In Yuen Long last month, men dressed in white T-shirts rushed into a subway station to attack citizens, including pregnant women, parents with small children, elderly people, journalists and even elected officials. Only an hour later, after the perpetrators left the scene, did the police arrive and make no arrests.
Later, Hong Kong people learned it was a co-ordinated attack and police were intentionally passive. Lynette Ong, an associate professor of political science at the University of Toronto, commented: “This is not the first time thugs have been sent in to beat up protesters. This is more organised, suggesting they are becoming more daring, and the Hong Kong government or pro-Beijing officials are becoming more desperate to put the protests to rest. The underlying motive is quite similar; sending in thugs is an option to evade responsibility. If you send thugs, it’s almost impossible to trace and you can’t hold anyone accountable.”

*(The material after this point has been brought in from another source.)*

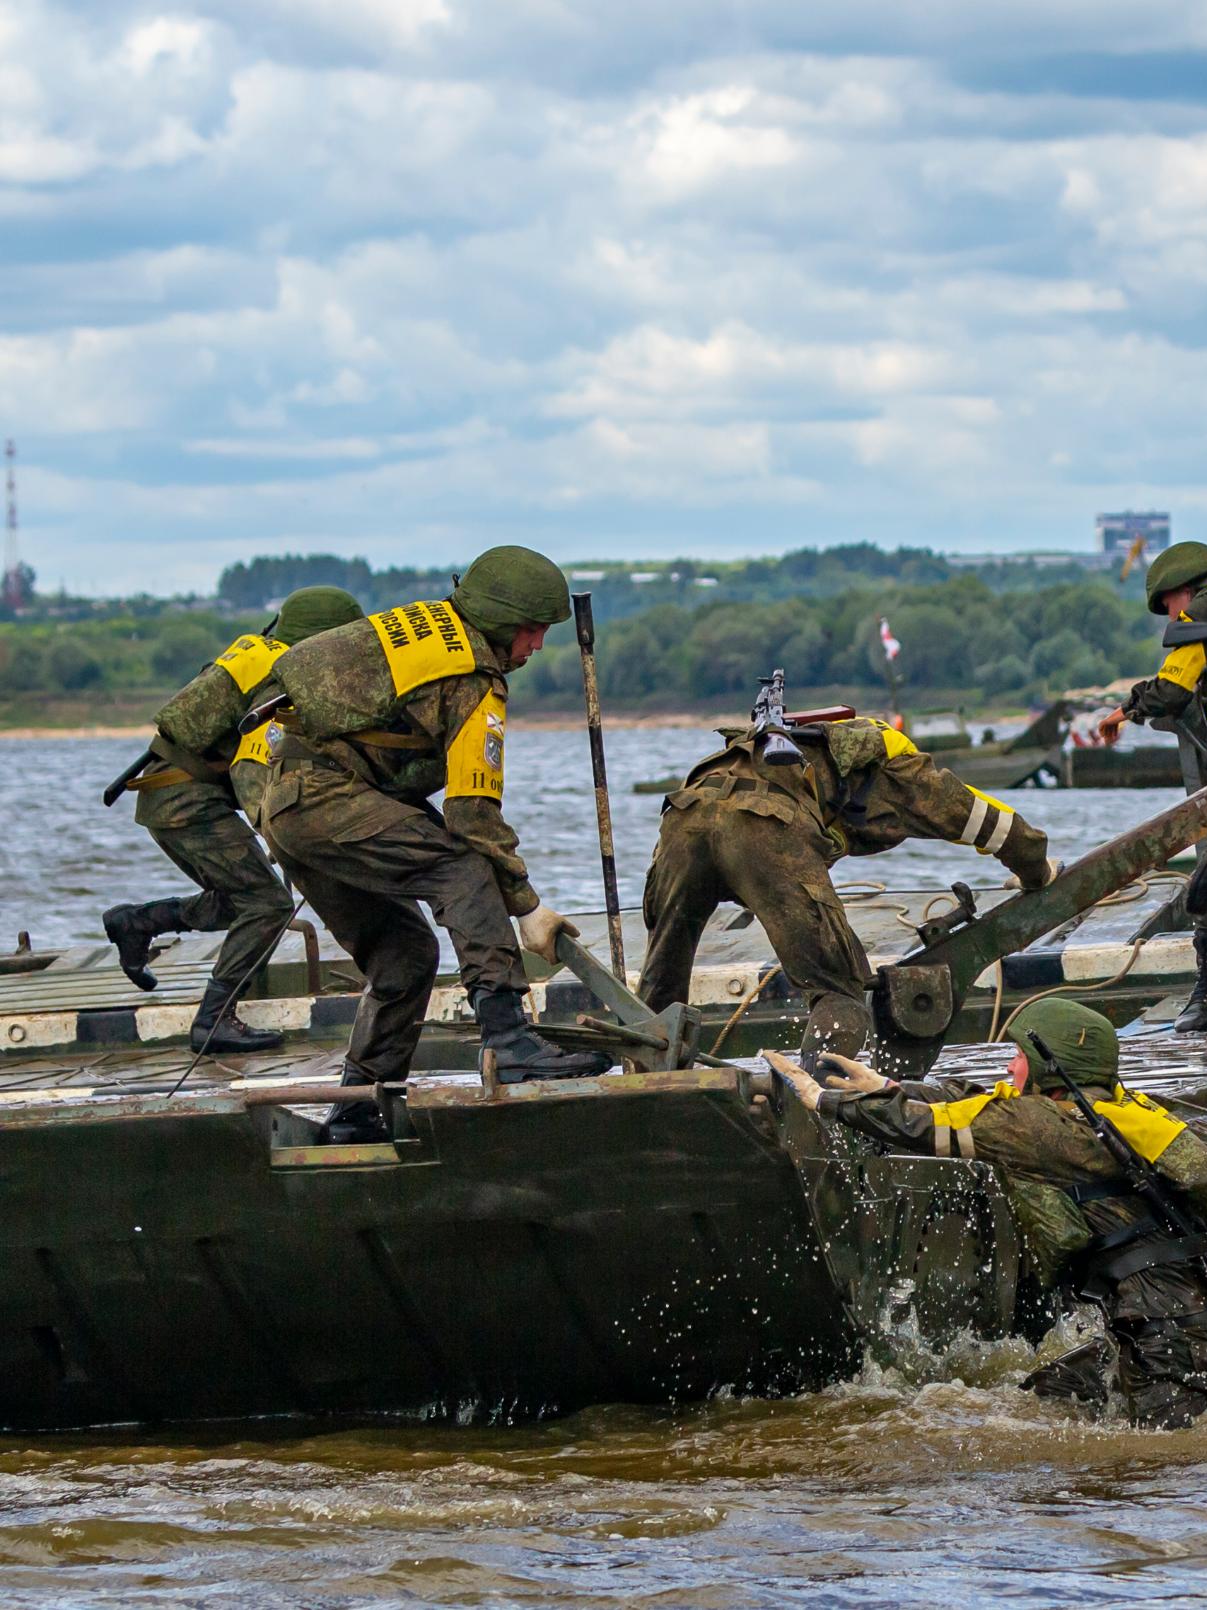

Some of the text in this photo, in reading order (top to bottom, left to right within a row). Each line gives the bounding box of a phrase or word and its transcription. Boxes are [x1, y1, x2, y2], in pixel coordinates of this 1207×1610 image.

Yet again last weekend, despite rumours and threats of potential violence, 1.7 million Hong Kongers refused to be scared into silence. They walked together peacefully in the rain to show their resolve and their love for the city.
They remind me of the Chinese dissidents I met in Canada, where I went through the long process of my eyes opening to Western society and detoxing what I had been told as a child. I met those who survived China’s labour camps, the Falun Gongs, the Uighurs, the human rights lawyers who lost everything to protect their fellow citizens.
Some of them recounted being shocked by electronic batons repeatedly, gang-raped, force-fed and having bamboo sticks punctured under fingernails, for doing nothing more than staying true to their beliefs and speaking their mind. But these stories can never be heard inside China because of censorship.
It was a profound indignity to find out my entire belief system was based on a lie. I realised I had been used as a tool by the Chinese Communist Party as a child. It wants to make all Chinese citizens complicit in its crimes. The courageous Hong Kongers are fighting on behalf of every Chinese citizen, who may not even know how they lost their humanity.
If the rest of the world stands up for Hong Kong, perhaps Chinese citizens will find the courage to confront the crimes of the Communist Party. The protests could be the spark that ignites freedom’s fire.
Anastasia Lin is a human rights activist, actress and model who is the 2019 Max Hartwell scholar-in-residence at the Centre for Independent Studies.